Annotated photo localization data:
------

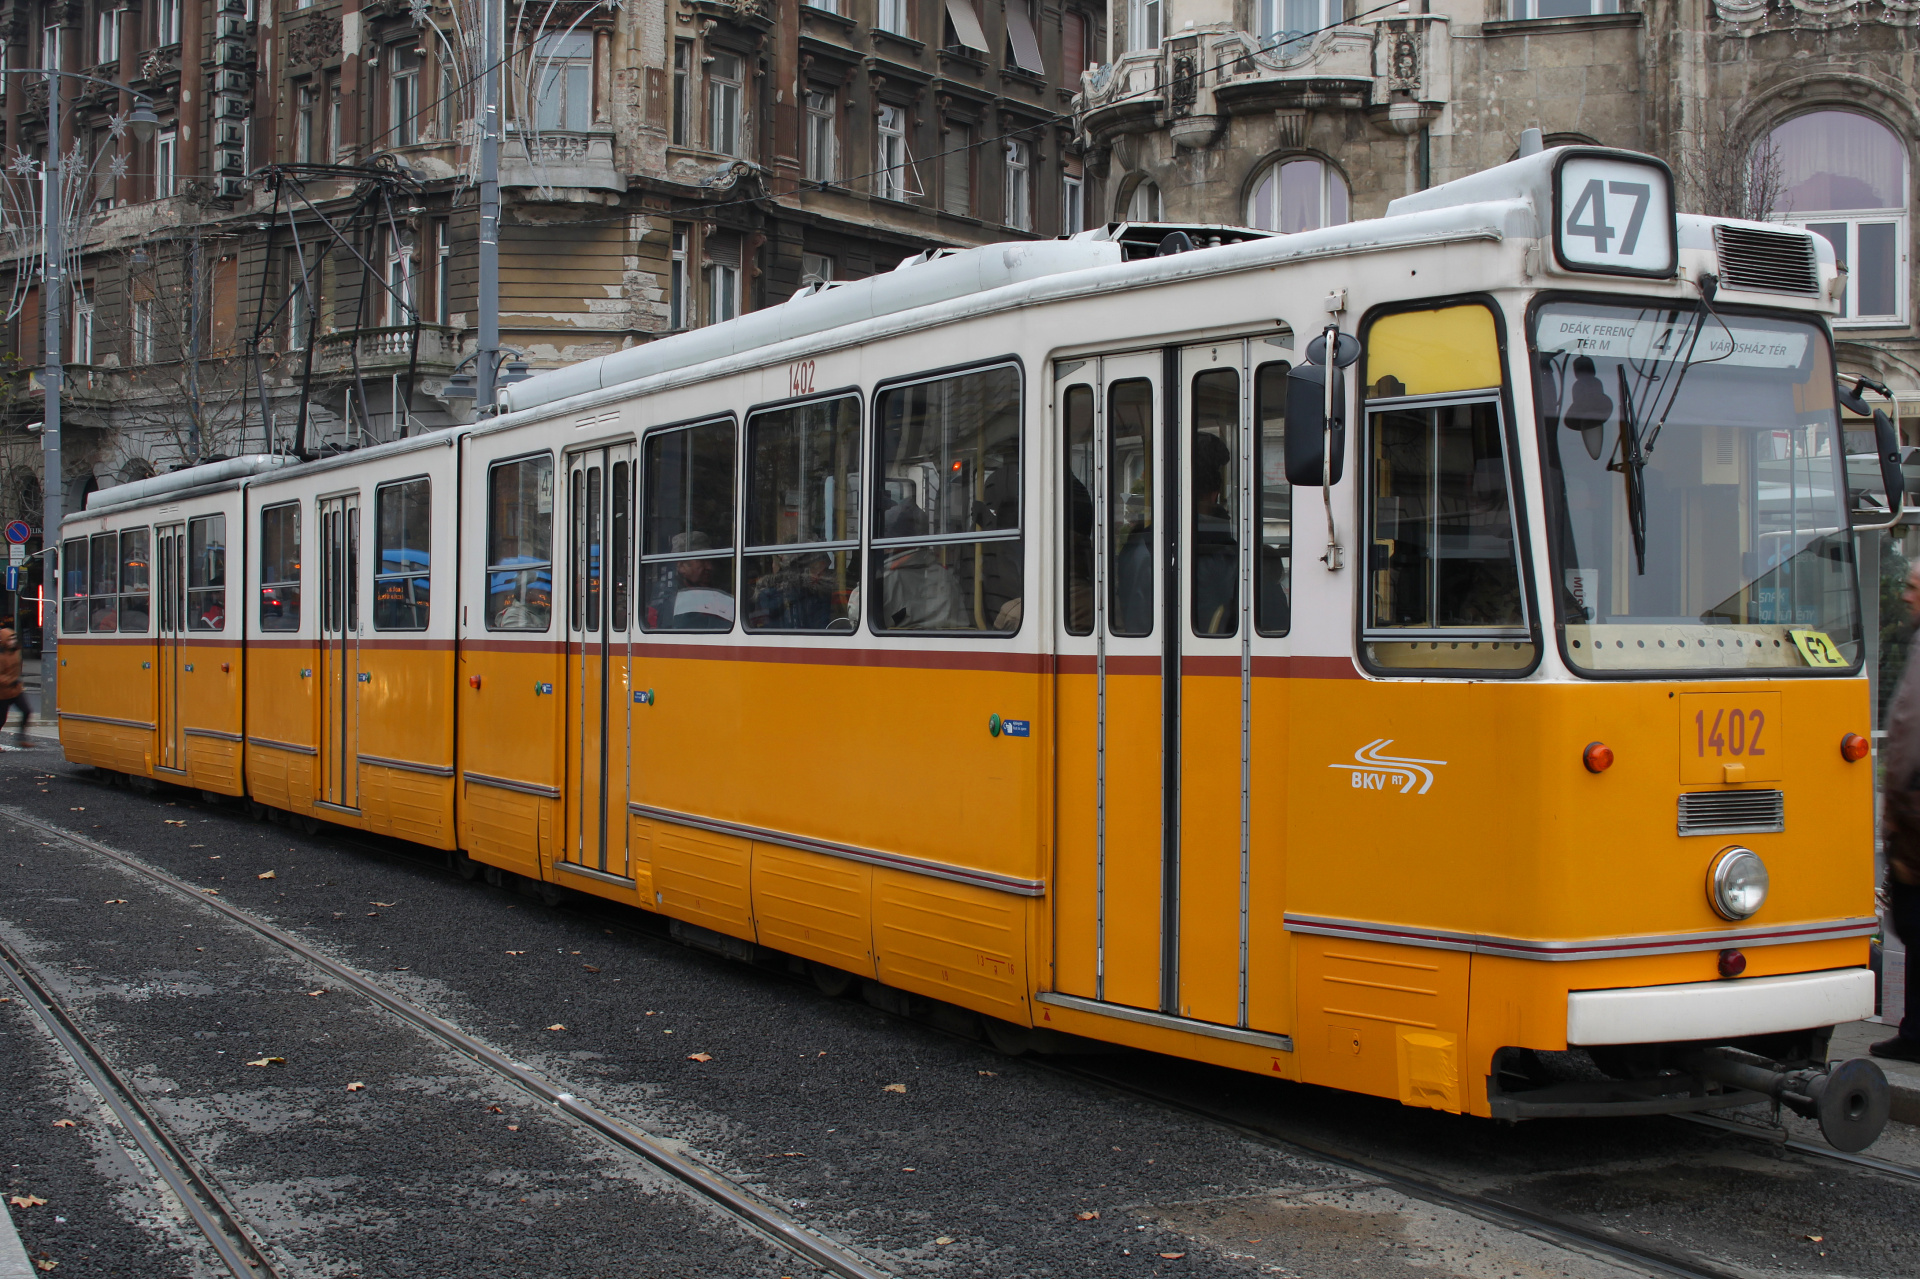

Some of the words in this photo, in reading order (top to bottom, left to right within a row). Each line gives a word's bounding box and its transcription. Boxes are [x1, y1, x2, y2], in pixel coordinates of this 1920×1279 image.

[1566, 179, 1650, 255] 47
[1560, 321, 1591, 335] DEÁK
[1593, 325, 1635, 338] FERENC
[1577, 336, 1596, 349] TÉR
[1599, 340, 1611, 350] M
[1652, 328, 1694, 356] 47
[1710, 340, 1766, 354] VÁROSHÁZ
[1769, 343, 1787, 356] TÉR
[789, 359, 815, 398] 1402
[1804, 636, 1838, 664] F2
[1696, 708, 1765, 757] 1402
[1351, 771, 1387, 791] BKV
[1391, 775, 1404, 785] RT
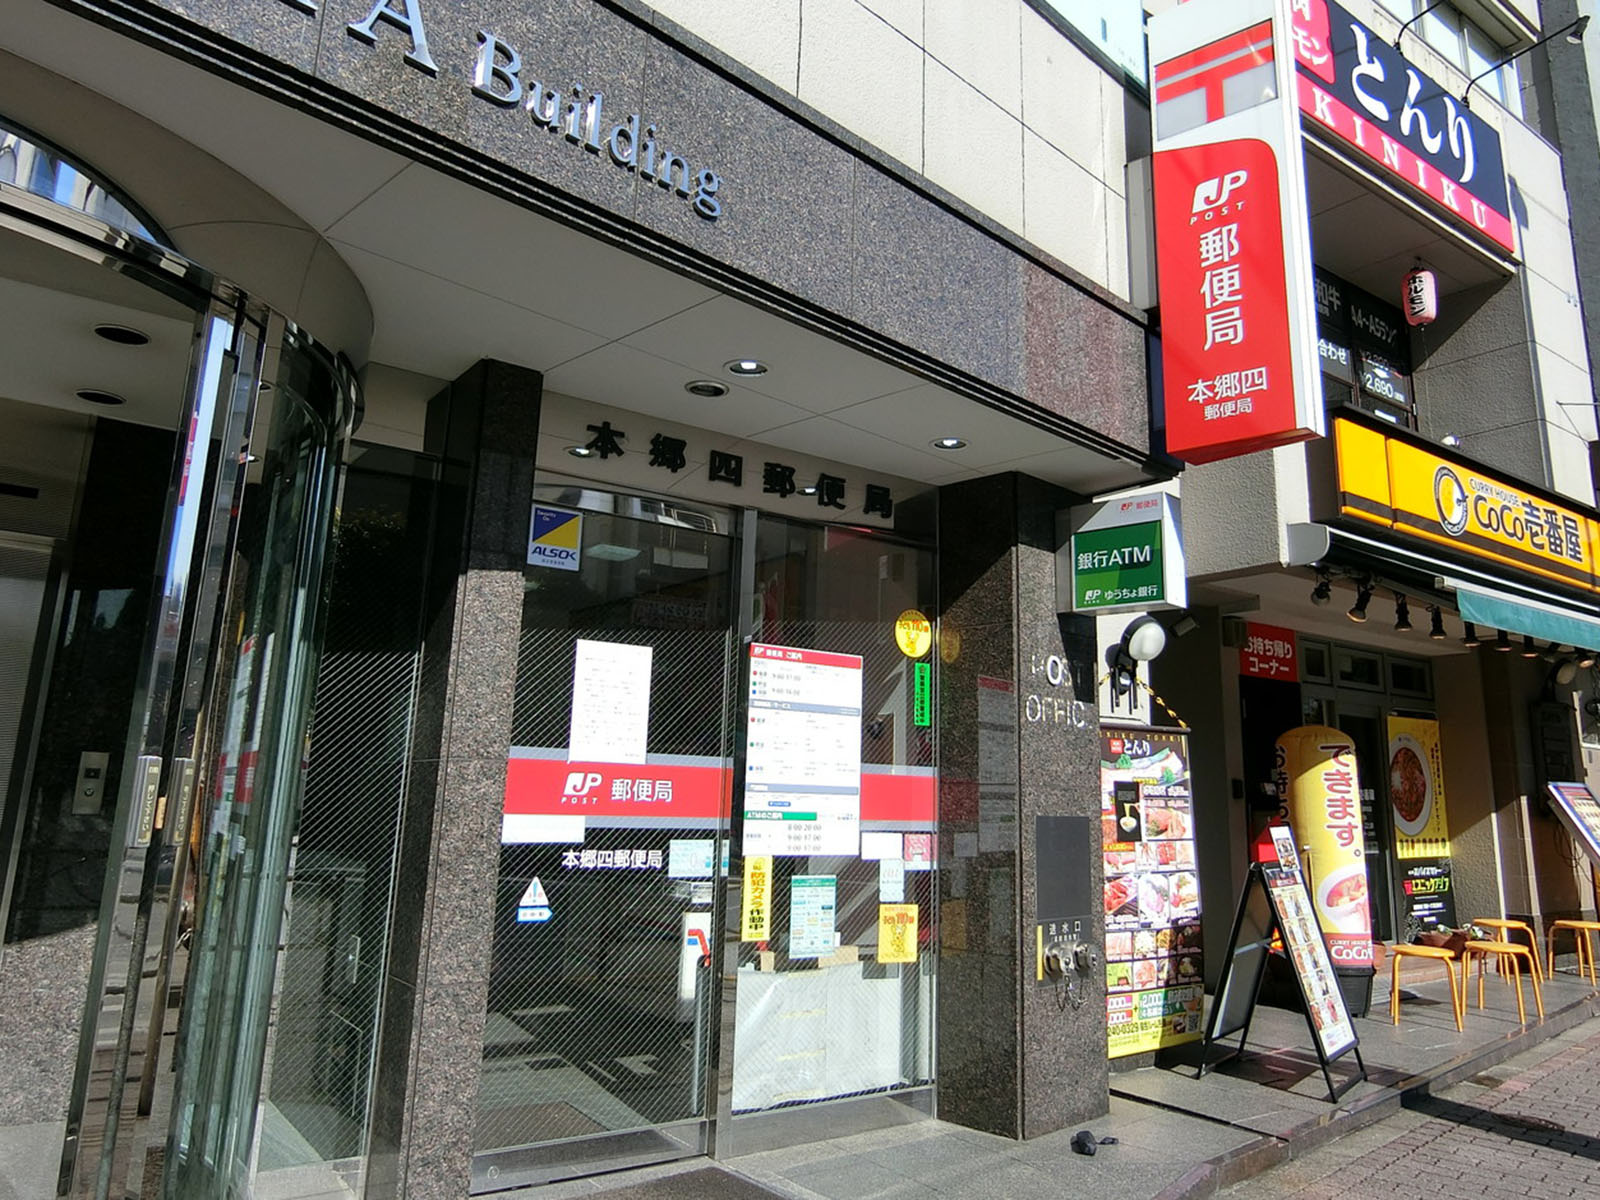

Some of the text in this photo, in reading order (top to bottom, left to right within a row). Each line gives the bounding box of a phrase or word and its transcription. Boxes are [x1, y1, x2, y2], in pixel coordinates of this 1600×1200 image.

------

The task: Retype all the entries exactly; drop the pictures.

Solution to the problem:
Some of the words in this photo, in reading order (top to bottom, left to right within a row). Each line gives a word's bounding box and its transcription. Boxes are [x1, y1, x2, y2], in pixel coordinates of this 1920×1279 image.

[1566, 179, 1650, 255] 47
[1560, 321, 1591, 335] DEÁK
[1593, 325, 1635, 338] FERENC
[1577, 336, 1596, 349] TÉR
[1599, 340, 1611, 350] M
[1652, 328, 1694, 356] 47
[1710, 340, 1766, 354] VÁROSHÁZ
[1769, 343, 1787, 356] TÉR
[789, 359, 815, 398] 1402
[1804, 636, 1838, 664] F2
[1696, 708, 1765, 757] 1402
[1351, 771, 1387, 791] BKV
[1391, 775, 1404, 785] RT

Some of the text in this photo, in reading order (top to bottom, left to right within a row). Each line gives the bounding box of a phrase or word and its transcription. Boxes are [x1, y1, x2, y2], in pixel coordinates of this 1600×1200 image.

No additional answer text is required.